- Born: April 1, 1966 Granite City, Illinois, U.S.
- Died: January 20, 2003 (aged 36) Revelstoke, British Columbia, Canada
- Cause of death: Snow avalanche
- Education: University of Washington
- Occupation: Professional Snowboarder

= Craig Kelly (snowboarder) =

American snowboarder

Craig Kelly (April 1, 1966 – January 20, 2003) was an American professional snowboarder.
Kelly is known as the 'Godfather of Freeriding'; Terje Håkonsen called Kelly the best snowboarder of all time. Over his 15-year professional career, he won 4 world championships and 3 U.S. championships; he won the Mt. Baker Banked Slalom snowboarding competition in 1988, 1991, and 1993.

==Education==
Kelly graduated from Mount Vernon High School in 1983. He attended the University of Washington but left the school to pursue professional snowboarding just prior to earning his degree."

==Life and snowboarding career==

Kelly was a rider for Sims Snowboards,

== Snowboarding ==
Initially contracted under SIMS Snowboards (founded by Tom Sims) from 1983 until 1987, this ended following a lawsuit. He spent the remainder of his life riding for Burton Snowboards, owned by Jake Burton Carpenter.

Kelly was responsible for the design and development of the following Burton signature models: The Mystery Air, The Craig Kelly Air, The CK Slopestyle, The Cascade, and The Omen. Jake Burton is quoted as saying, “When I started listening to Craig that was when my company became successful and really took off,” adding that “… when the rest of the industry listened to Craig, that was when the sport really took off.”

He shocked the snowboard industry by walking away from multimillion-dollar deals at the height of the snowboard craze, to pursue his passion for freeriding. It was in freeriding where Craig felt the happiest. At the time, this was an unheard-of strategy for a pro snowboarder.

The Craig Kelly World Snowboard Camp was created to help kids improve their snowboarding skills. From 1988 to 1992 it was located in Whistler Blackcomb.

Kelly starred in a Wrigleys Gum commercial in 1988/1989 where he was featured doing a 540. He appeared in Warren Miller movies for several consecutive years. In 2003, following his death, Warren Miller dedicated a segment in his film titled "Journey" to Kelly. Kelly had uncredited starring roles in the Greg Stump films Siberia and P-Tex, Lies & Duct Tape, and was the first snowboarder to appear in an IMAX movie.

Kelly was part owner and on the board of directors of Island Lake Catskiing near Fernie B.C., where he spent a lot of time freeriding and filming.

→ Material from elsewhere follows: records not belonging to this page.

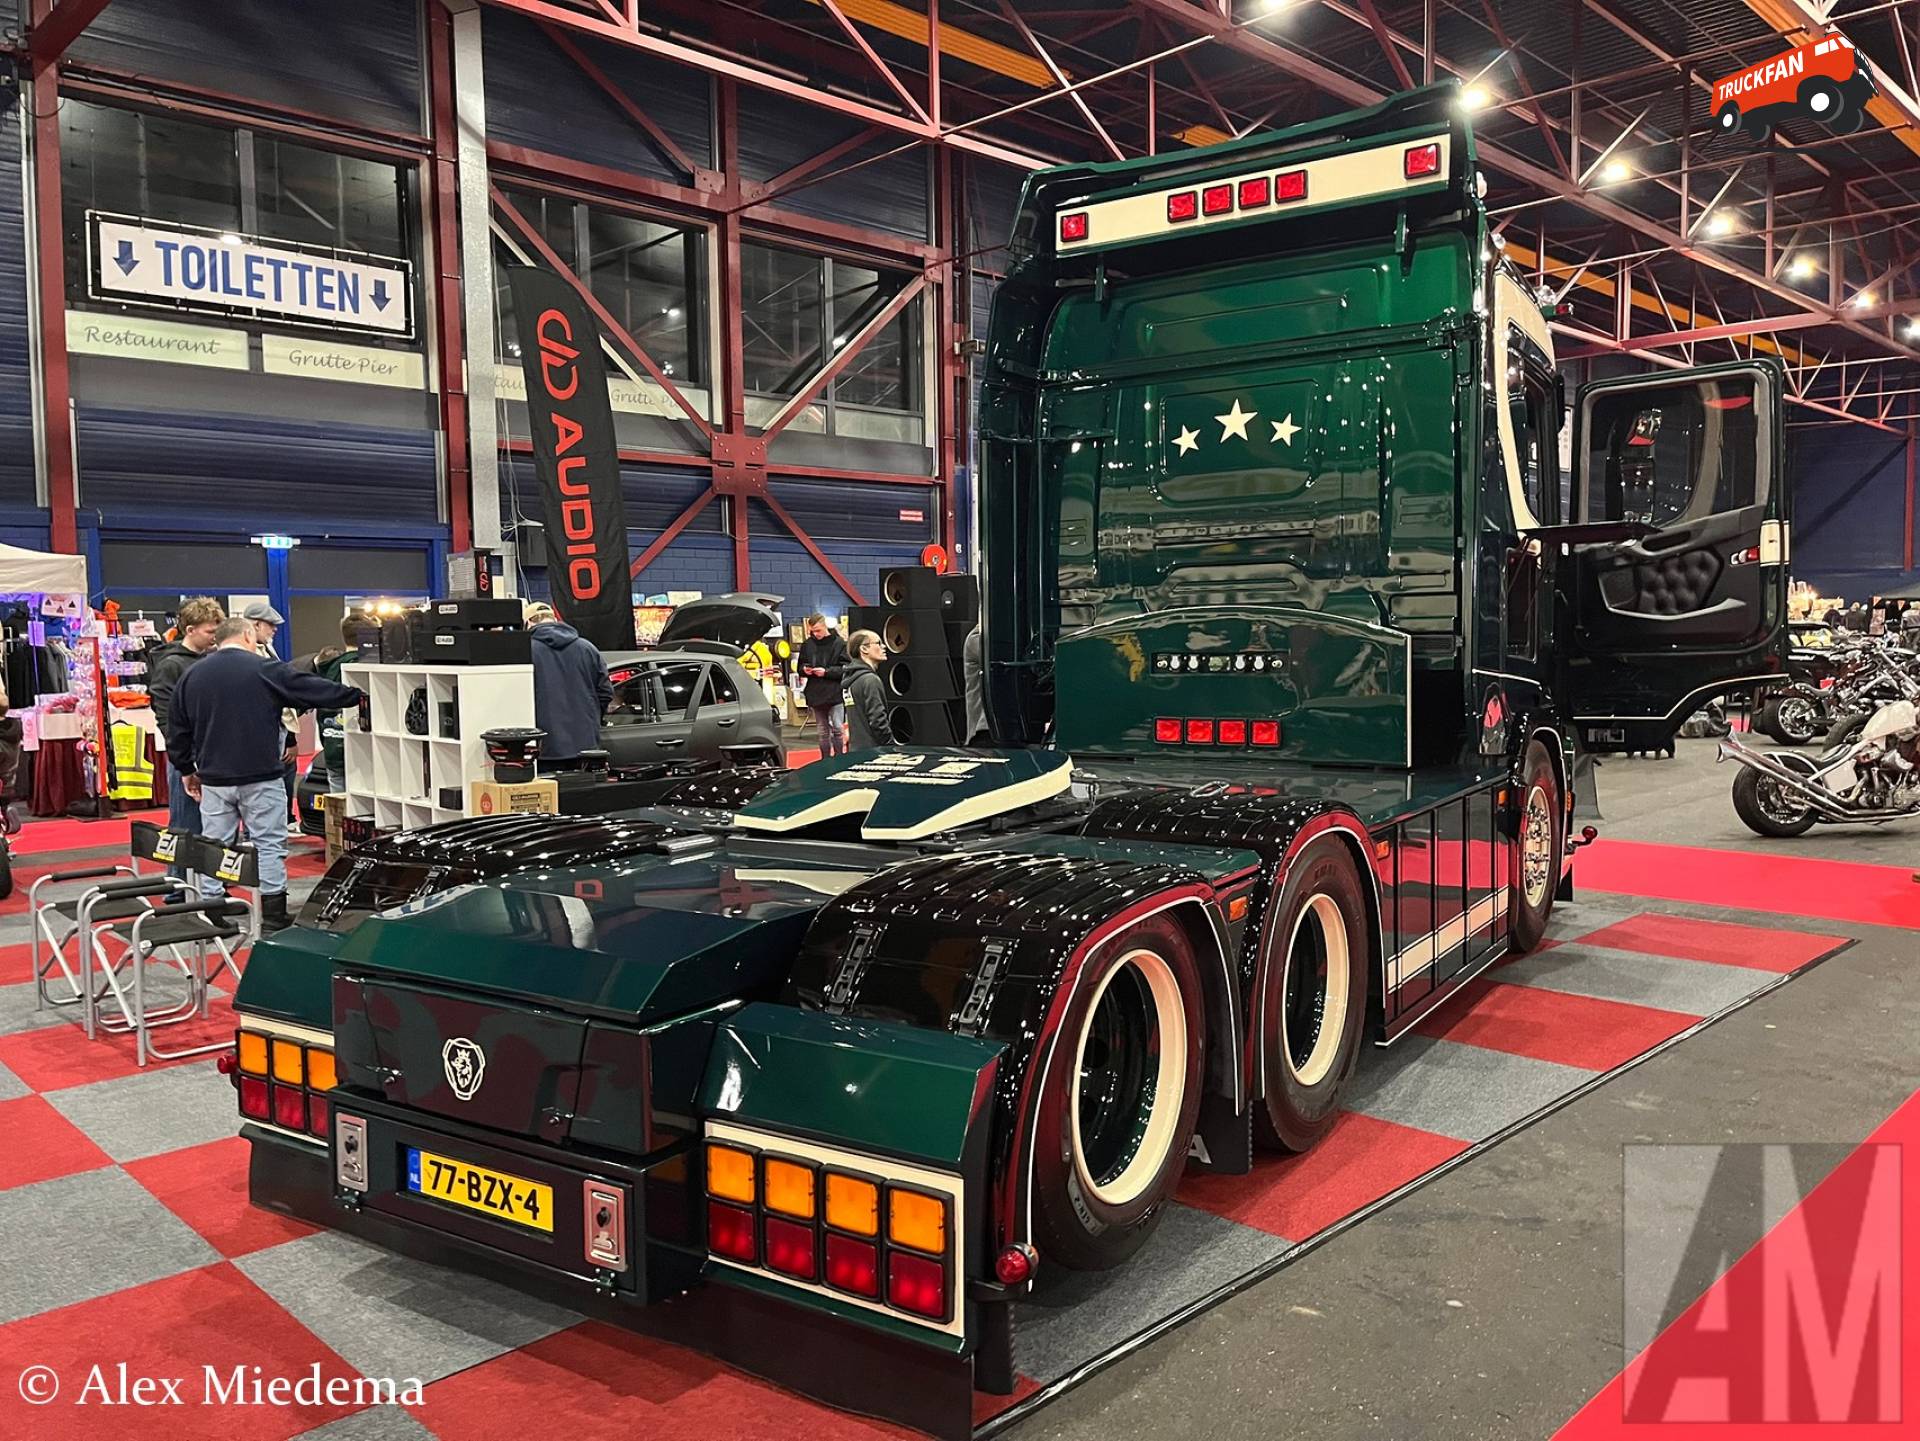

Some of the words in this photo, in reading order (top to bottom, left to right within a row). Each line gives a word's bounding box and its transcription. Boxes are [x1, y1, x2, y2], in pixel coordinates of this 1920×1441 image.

[155, 240, 359, 314] TOILETTEN
[84, 326, 221, 355] Restaurant
[288, 349, 357, 372] Grutte
[358, 357, 399, 376] Pier
[551, 411, 601, 600] AUDIO
[429, 1159, 540, 1221] 77-BZX-4
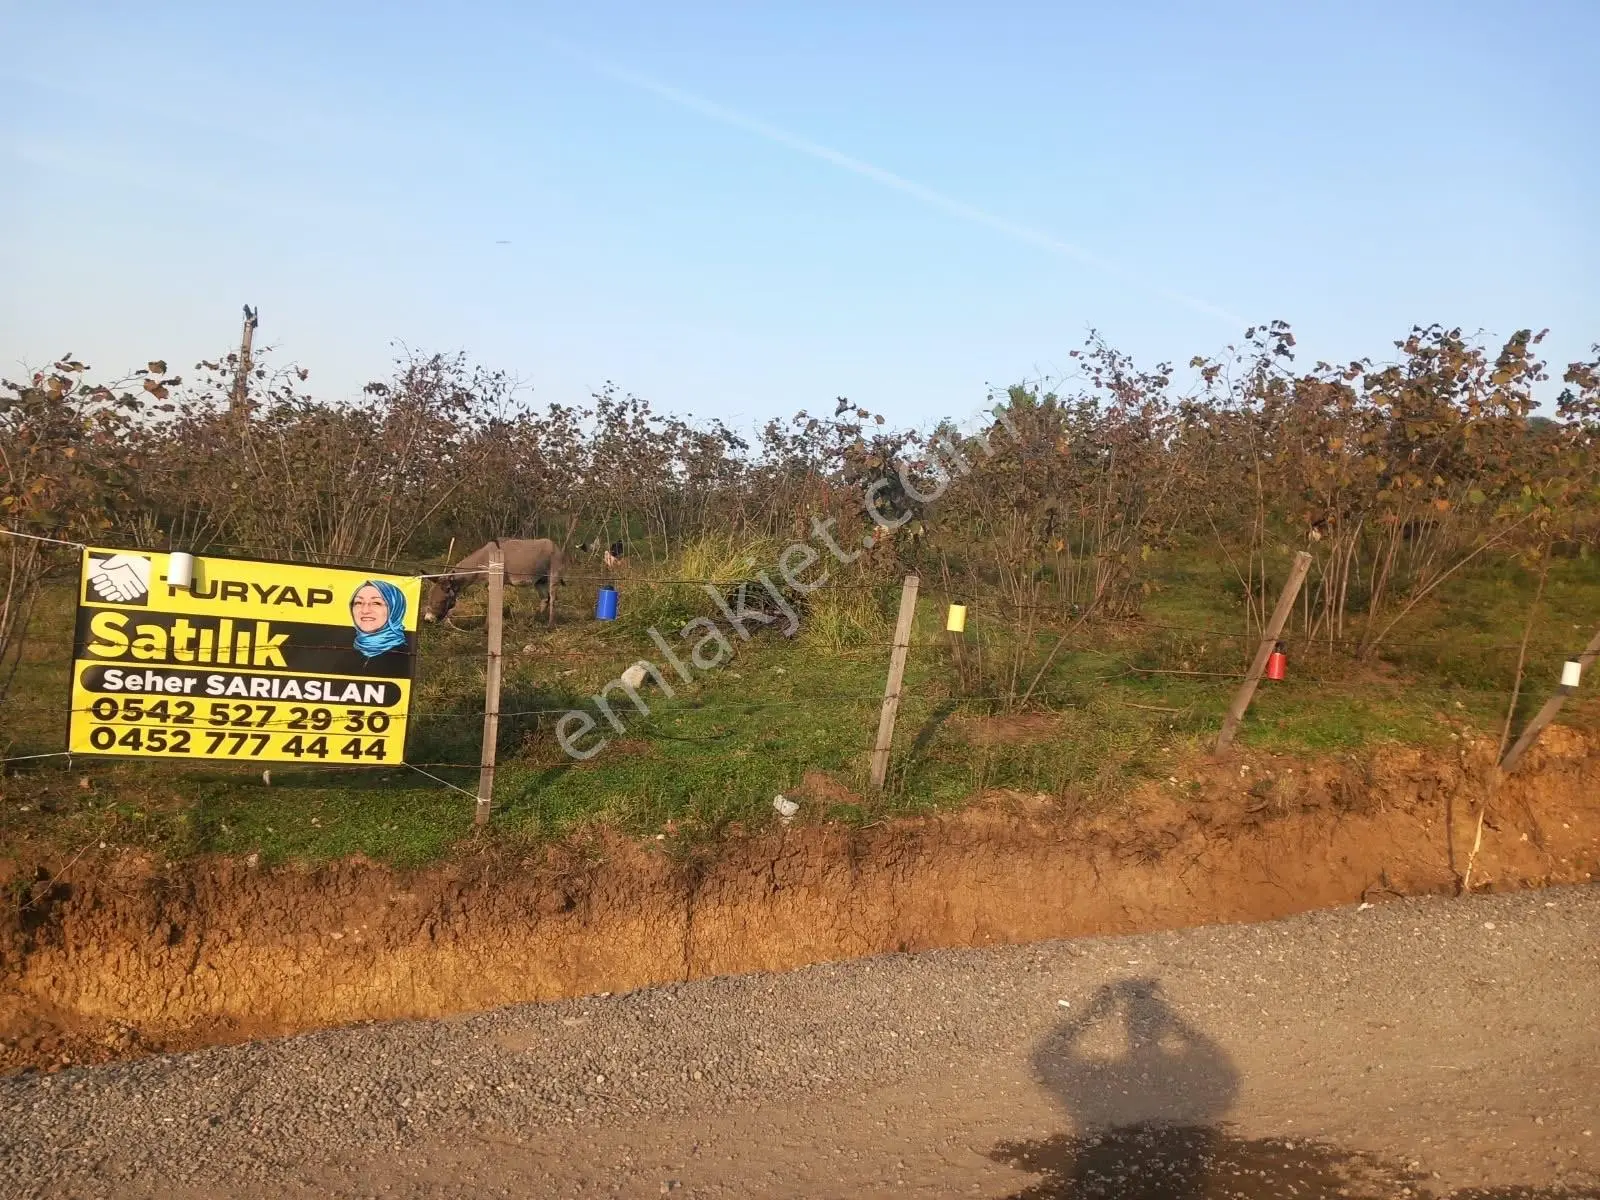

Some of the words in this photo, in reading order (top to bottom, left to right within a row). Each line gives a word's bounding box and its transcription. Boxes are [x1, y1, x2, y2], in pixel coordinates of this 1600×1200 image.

[87, 611, 290, 667] Satılık
[102, 669, 197, 694] Seher
[205, 675, 385, 705] SARIASLAN
[91, 697, 195, 725] 0542
[209, 703, 276, 728] 527
[289, 707, 331, 731] 29
[344, 710, 390, 734] 30
[89, 726, 191, 754] 0452
[205, 731, 271, 757] 777
[282, 735, 328, 760] 44
[341, 738, 387, 761] 44

In the last few years of his life, Craig embarked on a 14-month journey starting up in Alaska and going down to Chile with his girlfriend, Savina, and two friends for adventure, surfing and living. He returned from his journey with his new baby Olivia, as a "souvenir," he said, from his trip.

After returning to Canada, he became involved with the development of Baldface Lodge, near his home in Nelson BC, and concurrently decided to pursue his guiding certification with the Association of Canadian Mountain Guides (ACMG), attempting to become the first accredited snowboard guide in Canada.

== Style ==
The distinctive fluid manner with which he rode was recognized and acclaimed in the snowboarding community. He was called a "style master" by TransWorld Snowboard Magazine editor Jon Foster. Kelly also appeared in an enormous number of video and photo shoots. He was known for looking straight at the camera, even in the midst of a difficult aerial manoeuvre.

== Death ==
Kelly died on 20 January 2003 near Revelstoke, British Columbia, Canada in an avalanche which trapped 8 people and killed 6 others. At the time, he was studying to become a Certified Canadian Mountain Guide.

==Craig Kelly memorial==
In 2012 the owner of Baldface lodge, Jeff Pensiero, asked Keith Berens of Live Metal Studio to design a memorial sculpture for Kelly.

The memorial is a 10-ft welded steel sword (often mistaken for a cross), with coloured glass set within it and a prayer wheel made from local yew wood beneath. It was unveiled on 20 January 2013.

The sword overlooks Baldface Lodge near Nelson, British Columbia. It was sponsored by Baldface Lodge and Burton Snowboards.